## What you have to do
Below are some records. Return exactly the lines from the one with "this 1344×1512 image." to the one with "this 715×1600 image.", and nothing else.

## Data for analysis
=====

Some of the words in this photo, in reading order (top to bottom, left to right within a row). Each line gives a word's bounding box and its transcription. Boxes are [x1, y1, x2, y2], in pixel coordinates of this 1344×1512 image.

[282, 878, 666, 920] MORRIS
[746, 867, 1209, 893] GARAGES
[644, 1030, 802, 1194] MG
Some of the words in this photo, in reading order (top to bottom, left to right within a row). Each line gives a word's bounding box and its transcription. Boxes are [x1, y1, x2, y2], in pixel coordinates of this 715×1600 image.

=====

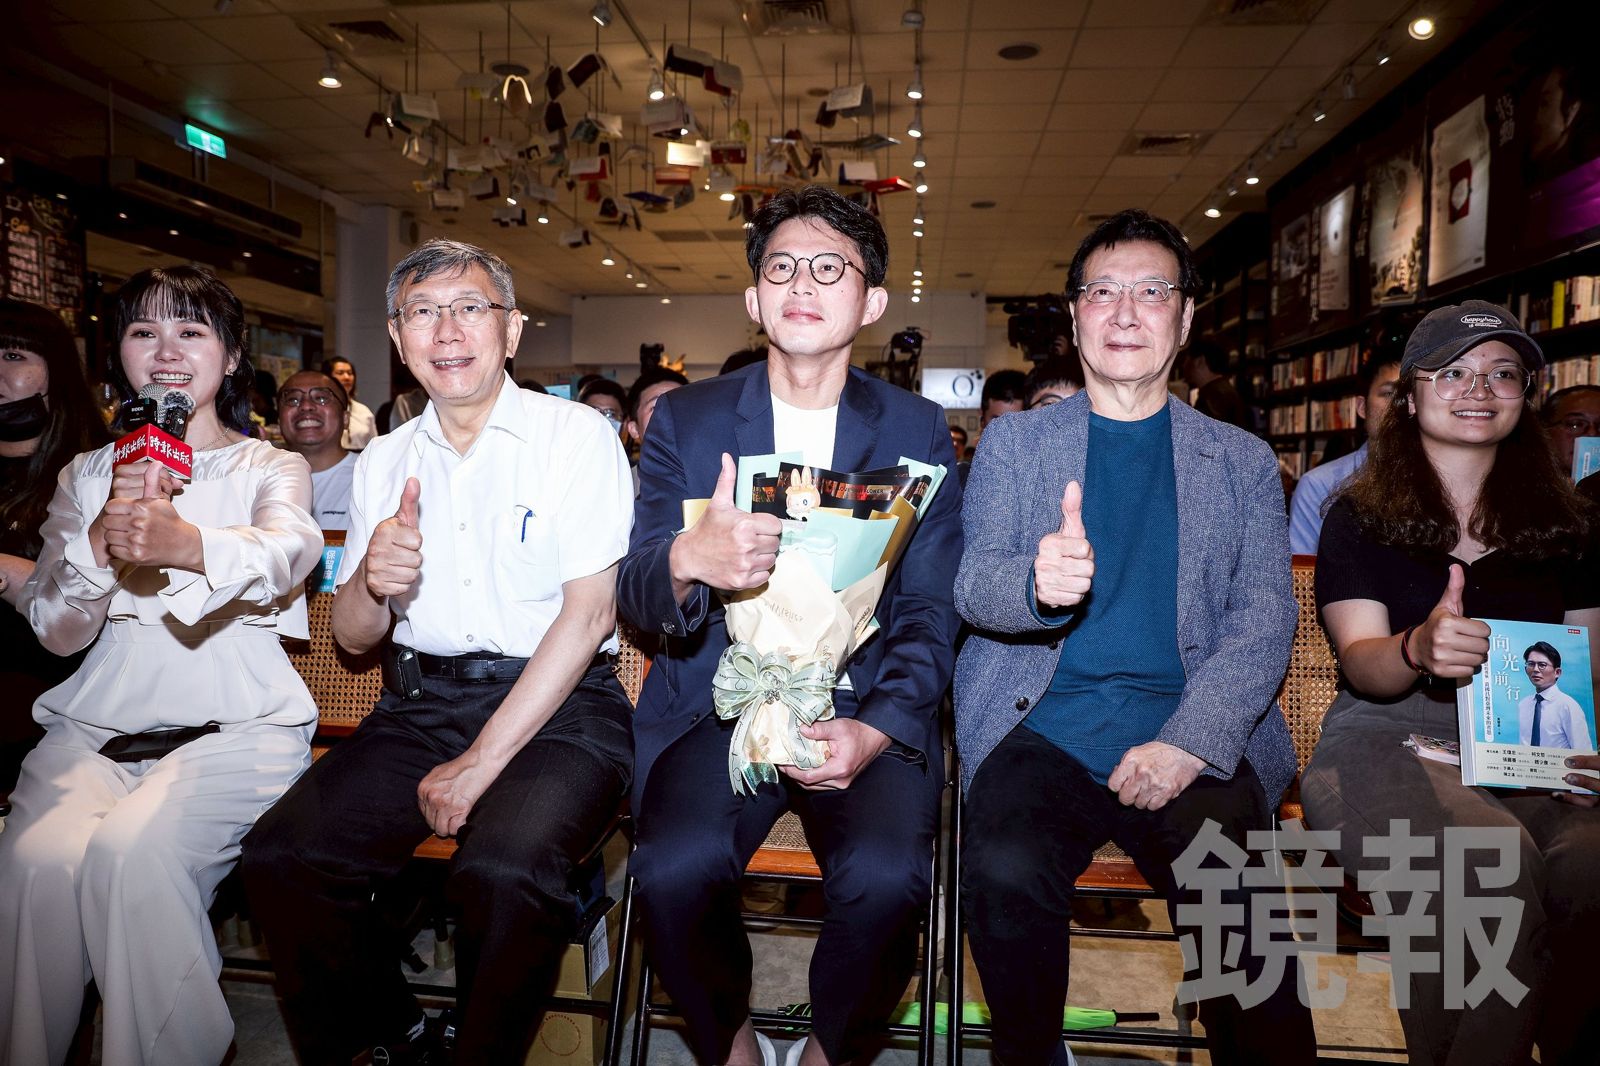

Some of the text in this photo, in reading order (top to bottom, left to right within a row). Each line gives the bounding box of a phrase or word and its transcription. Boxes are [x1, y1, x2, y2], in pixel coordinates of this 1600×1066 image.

=====

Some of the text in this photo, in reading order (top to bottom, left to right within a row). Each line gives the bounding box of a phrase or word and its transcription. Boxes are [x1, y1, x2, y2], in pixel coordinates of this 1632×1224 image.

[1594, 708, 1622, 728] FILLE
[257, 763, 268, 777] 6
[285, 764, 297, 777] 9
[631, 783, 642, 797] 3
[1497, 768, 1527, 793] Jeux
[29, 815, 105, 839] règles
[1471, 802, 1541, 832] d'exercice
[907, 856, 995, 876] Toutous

=====

## Written response
Some of the words in this photo, in reading order (top to bottom, left to right within a row). Each line gives a word's bounding box and its transcription. Boxes are [x1, y1, x2, y2], in pixel coordinates of this 1344×1512 image.

[282, 878, 666, 920] MORRIS
[746, 867, 1209, 893] GARAGES
[644, 1030, 802, 1194] MG
Some of the words in this photo, in reading order (top to bottom, left to right within a row). Each line gives a word's bounding box and its transcription. Boxes are [x1, y1, x2, y2], in pixel coordinates of this 715×1600 image.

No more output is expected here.